What are the key specifications?

The RTV-XG850 is the first Kubota product available in 4 colors — orange, camo, green (for the turf market) and black — and is its fastest utility vehicle yet, with speeds up to 40 mph.

The 48 horsepower water-cooled gas engine is available in 2 or 4-cylinder options and has a CVT Plus transmission (CVT with centrifugal clutch). It offers speed-sensitive electronic power steering, selectable full-time 4WD, front and rear independent suspension and engine-assisted deceleration.

Other design features include:

  • 60:40 split-bench seats
  • 2,000-pound towing capacity
  • 15.2 cubic feet of cargo space
  • Steel cargo bed with tie-down hooks
  • Dumping cargo box
  • Half doors and shoulder guards
  • Under seat storage
  • LED headlights
  • More than 50 new attachments

Who are the intended buyers?

The Sidekick is intended as a work vehicle for farms, ranches, construction sites and other similar operations. Joshi says crossover buyers are looking for speeds fast enough to travel among sites (up to 50 mph) and cargo and towing capacity. He also says there is some shift from ATV buyers to the crossover market, but most of the buyers are new. There is also a shift from the pickup market, with those buyers looking for a less expensive more fuel efficient alternative.


Who are the competitors?

Gifford outlines who he see as the competitors. “The Kawasaki Mule is not in this segment. The John Deere XUV 835 is a vehicle we’re constantly watching and we feel we have a machine to go up against it. There is opportunity with Polaris 900 buyers, someone who really wants to work.”
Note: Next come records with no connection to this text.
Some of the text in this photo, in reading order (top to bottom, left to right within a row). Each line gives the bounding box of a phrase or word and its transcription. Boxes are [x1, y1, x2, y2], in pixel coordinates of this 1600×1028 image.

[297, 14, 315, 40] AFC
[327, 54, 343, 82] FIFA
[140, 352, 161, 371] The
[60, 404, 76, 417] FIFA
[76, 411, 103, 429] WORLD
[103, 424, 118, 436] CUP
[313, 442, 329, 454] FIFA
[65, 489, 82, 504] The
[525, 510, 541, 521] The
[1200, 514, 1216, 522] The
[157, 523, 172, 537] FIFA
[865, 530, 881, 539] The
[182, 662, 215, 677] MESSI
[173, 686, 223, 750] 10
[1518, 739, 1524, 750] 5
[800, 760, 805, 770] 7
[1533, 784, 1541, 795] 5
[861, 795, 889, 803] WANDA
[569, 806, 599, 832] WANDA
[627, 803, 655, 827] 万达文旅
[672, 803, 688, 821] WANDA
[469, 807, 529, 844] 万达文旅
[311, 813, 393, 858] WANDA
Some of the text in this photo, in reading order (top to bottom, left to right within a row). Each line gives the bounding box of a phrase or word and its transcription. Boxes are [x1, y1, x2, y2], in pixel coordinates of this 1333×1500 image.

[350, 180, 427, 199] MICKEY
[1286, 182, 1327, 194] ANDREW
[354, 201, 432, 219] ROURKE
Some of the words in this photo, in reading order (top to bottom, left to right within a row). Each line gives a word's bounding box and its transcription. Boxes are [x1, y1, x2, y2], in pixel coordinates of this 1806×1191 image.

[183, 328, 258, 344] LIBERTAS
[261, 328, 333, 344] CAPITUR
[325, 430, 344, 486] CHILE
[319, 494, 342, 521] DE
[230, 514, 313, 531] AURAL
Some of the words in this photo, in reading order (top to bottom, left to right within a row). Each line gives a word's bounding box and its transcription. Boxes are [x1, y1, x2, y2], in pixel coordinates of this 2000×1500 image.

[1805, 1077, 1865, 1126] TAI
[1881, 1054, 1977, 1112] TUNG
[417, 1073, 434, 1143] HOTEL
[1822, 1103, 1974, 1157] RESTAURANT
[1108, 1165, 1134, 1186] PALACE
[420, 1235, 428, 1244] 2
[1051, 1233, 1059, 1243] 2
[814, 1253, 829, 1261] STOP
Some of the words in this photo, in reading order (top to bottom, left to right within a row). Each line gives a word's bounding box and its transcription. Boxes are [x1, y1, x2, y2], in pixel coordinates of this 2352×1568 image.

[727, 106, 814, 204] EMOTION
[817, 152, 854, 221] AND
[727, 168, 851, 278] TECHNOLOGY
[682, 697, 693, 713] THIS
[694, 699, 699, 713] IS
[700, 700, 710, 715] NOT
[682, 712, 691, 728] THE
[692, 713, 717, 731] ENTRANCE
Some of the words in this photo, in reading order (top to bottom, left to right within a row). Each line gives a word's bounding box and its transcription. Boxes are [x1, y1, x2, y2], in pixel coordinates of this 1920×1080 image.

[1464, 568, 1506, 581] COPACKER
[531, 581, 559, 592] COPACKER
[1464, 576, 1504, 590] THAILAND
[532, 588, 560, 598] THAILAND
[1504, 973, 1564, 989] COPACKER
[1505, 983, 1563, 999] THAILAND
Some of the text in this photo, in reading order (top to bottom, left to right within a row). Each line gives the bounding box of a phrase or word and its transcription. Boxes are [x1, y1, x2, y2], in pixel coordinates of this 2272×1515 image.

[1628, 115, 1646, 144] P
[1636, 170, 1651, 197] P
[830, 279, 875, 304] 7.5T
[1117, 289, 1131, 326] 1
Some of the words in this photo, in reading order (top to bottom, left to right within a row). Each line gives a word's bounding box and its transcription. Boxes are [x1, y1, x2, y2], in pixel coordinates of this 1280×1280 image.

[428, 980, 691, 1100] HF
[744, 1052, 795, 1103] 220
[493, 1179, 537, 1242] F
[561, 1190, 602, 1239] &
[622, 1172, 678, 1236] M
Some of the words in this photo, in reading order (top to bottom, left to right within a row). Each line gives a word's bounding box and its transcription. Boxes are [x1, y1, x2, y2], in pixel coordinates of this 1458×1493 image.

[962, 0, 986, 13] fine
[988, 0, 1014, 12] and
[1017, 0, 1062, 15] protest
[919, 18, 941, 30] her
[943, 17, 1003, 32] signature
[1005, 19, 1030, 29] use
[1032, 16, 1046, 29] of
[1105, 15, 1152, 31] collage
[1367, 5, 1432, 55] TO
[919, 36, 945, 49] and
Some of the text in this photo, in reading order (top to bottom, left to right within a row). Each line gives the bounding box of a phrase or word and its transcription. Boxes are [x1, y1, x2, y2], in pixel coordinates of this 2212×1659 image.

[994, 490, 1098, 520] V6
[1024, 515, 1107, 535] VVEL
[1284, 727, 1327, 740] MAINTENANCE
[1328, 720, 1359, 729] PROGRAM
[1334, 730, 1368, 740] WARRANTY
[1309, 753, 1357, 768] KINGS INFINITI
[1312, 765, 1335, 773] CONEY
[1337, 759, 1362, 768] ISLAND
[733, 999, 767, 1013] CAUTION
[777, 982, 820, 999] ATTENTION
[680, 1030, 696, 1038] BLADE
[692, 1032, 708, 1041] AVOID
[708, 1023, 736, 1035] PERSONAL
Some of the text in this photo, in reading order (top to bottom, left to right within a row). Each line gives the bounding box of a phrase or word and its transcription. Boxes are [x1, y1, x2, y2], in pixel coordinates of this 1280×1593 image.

He also says competitors’ vehicles offer speed and they boast of a similar cargo capacity, but don’t have the suspension and handling capacity of the Sidekick. Competitors also offer similar towing capacity, but their machines don’t provide the same level of durability as the Sidekick.

Gifford also says Kubota is not interested in expanding into the sport vehicle market. “There is nothing on the horizon. That is not our customer.”

Saving Setup Time

Gifford says options like quick clamps for canopies and windshields save setup time for dealers and setup costs for customers. “The salesperson can take it out of the box and install it. They don’t have to take it to the setup department. It saves money and they can keep those margins in the sale.”